Depth: When a name has many layers of meaning, myth, story, and history, it has great depth. Different people will react to and understand deep names in different ways, and deep names tend to reveal the many facets of their character over time, rather than all at once. Deep names are still just as good the thousandth time you encounter them as they are the first time, they have great legs and never grow old. They accomplish this feat partly because, by their very nature of being deep, avoid the shallow pits of evanescent fads and naming trends (think generic descriptive, “.com,” vowel-dropping, color+noun, etc.).
Temperature: Is a name warm and human, or cold, clinical, technical? Does it bring a smile to your face, a blank look, or a scowl? This is a quality of names that is based both on linguistics and on emotional reaction.
Personality: The unique tone, personality and attitude of a name. Some names are loud and energetic, some are quiet and retiring. Some shout, and others whisper. For some the most important quality is confidence, for others it’s adventure, revolution, or steadfastness. It could be almost anything, but the key is that the personality of a name reflect the personality of your company. It is the soul of your brand, the thing that most makes your brand yours, not another company’s.

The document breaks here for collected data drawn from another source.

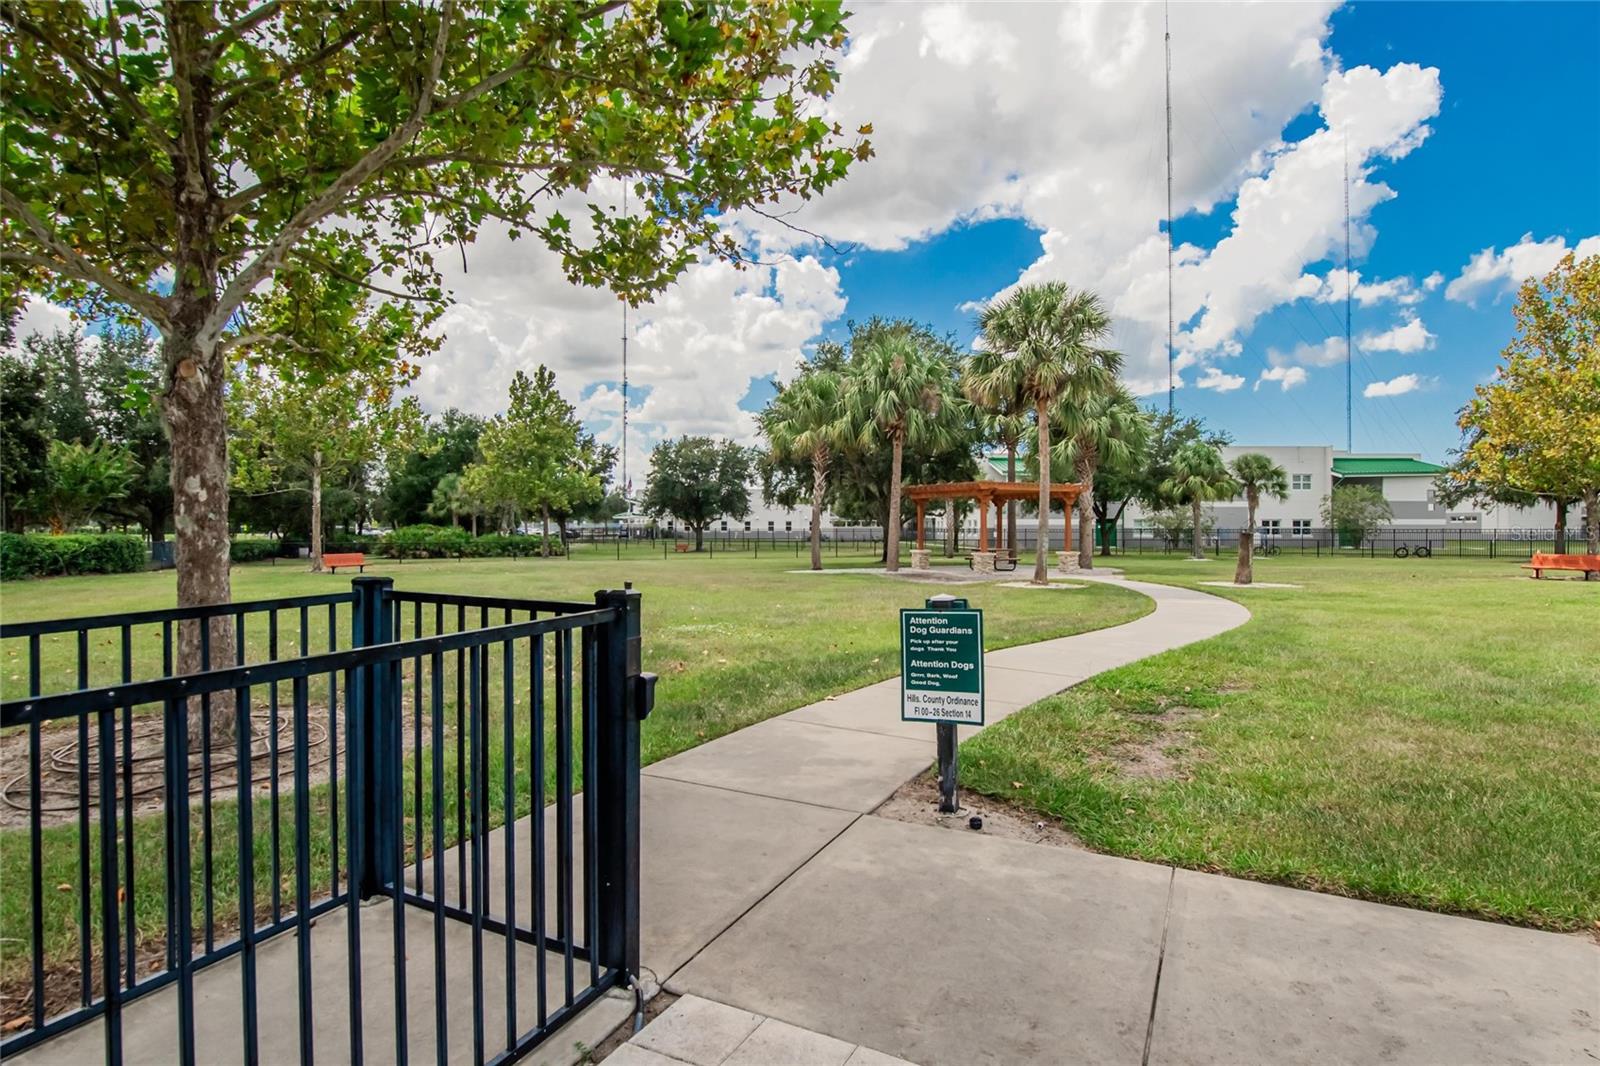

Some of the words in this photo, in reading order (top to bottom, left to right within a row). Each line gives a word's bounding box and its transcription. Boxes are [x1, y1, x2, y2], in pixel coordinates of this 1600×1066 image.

[910, 626, 927, 635] Dog
[929, 626, 972, 634] Guardians
[910, 660, 950, 668] Attention
[951, 661, 974, 670] Dogs
[922, 694, 945, 706] County
[946, 696, 978, 706] Ordinance
[941, 708, 964, 718] Section
[965, 710, 972, 718] 14

Differentiation: It only makes sense that, if you intend to differentiate your brand from your competition, that you begin with a name that stands apart from the crowd. This is a key to creating a memorable name, since you can’t hope for anyone to remember your name if it blends in with all the others in your market sector. When a name stands apart, it gets noticed, talked about, covered in the press, and develops into a distinctive brand with a life of its own.

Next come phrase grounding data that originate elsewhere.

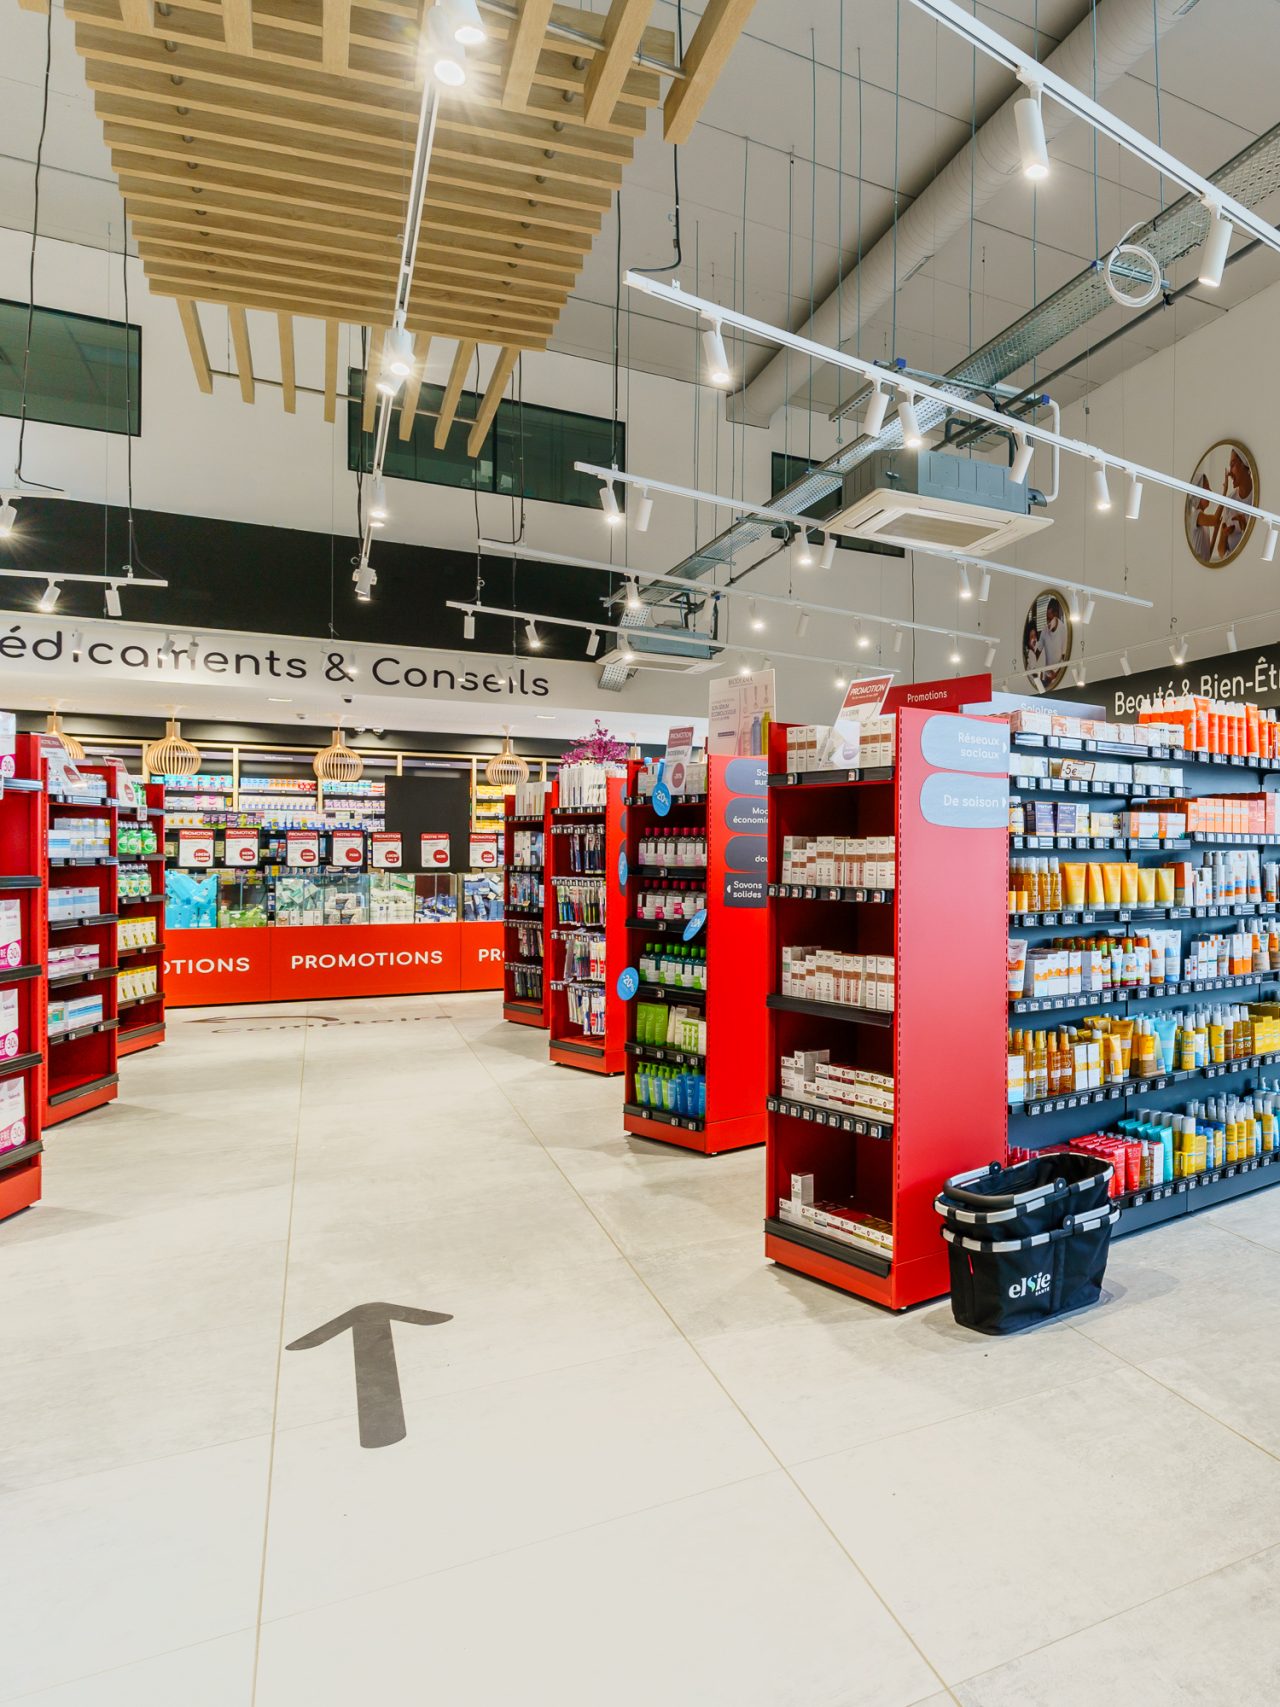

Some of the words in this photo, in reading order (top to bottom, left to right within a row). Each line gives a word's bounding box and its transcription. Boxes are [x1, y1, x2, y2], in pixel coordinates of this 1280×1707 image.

[325, 652, 354, 682] &
[372, 657, 549, 696] Conseils
[850, 684, 886, 696] PROMOTION
[907, 691, 948, 702] Promotions
[958, 732, 1000, 746] Réseaux
[960, 748, 999, 759] sociaux
[756, 769, 768, 777] Sa
[755, 779, 768, 787] sur
[944, 794, 959, 806] De
[962, 796, 999, 807] saison
[755, 855, 768, 863] dou
[733, 881, 762, 890] Savons
[733, 890, 762, 899] solides
[292, 950, 443, 969] PROMOTIONS
[478, 949, 504, 962] PR
[622, 975, 635, 993] -20%

X-factor: This is the wildcard, and is all about mystery, the unknown, the unexpected and far from obvious. Not every brand has it, but for those that do, it can be very powerful. Vitality, energy, liveliness, buzz, electricity, attitude, presence, engagement, provocation, originality, distinctiveness, memorability — these are all concepts related to the X-factor of a name. It’s that certain something, that very original merging of the unexpected with a clear evocation of the brand positioning. It’s what’s often behind the “Why didn’t I think of that?” feeling. It’s what makes a name an epiphany.
Now you should have a better idea about why certain names work better than others. But name evaluation is also about feeling confident that you chose the best name for your company or product by understanding why certain names work best when all factors of name, positioning, and the competitive namescape are taken into consideration. Clearly, you are not just choosing a name, you are also making a number of important decisions in order to find the pitch-perfect tone for your brand, for your voice in the world.
Most corporations have no problem delegating marketing and advertising issues to the marketing department, but when naming is involved, especially naming the company itself or key products, suddenly everyone wants to have a say in the process, and it can quickly become politically and emotionally charged. Therefore, it is essential that you keep the number of people involved in a naming project to a minimum, that they have real authority, and that they all understand the ideas outlined above about what factors determine the relative strength of a name. When outside actors have final decision-making authority, it is vital that they be briefed in such a way as to understand a name’s intrinsic qualities and how they support the brand positioning. This is what will help you keep the process objective, and avoid the uninformed, subjective “like”/”don’t like” response.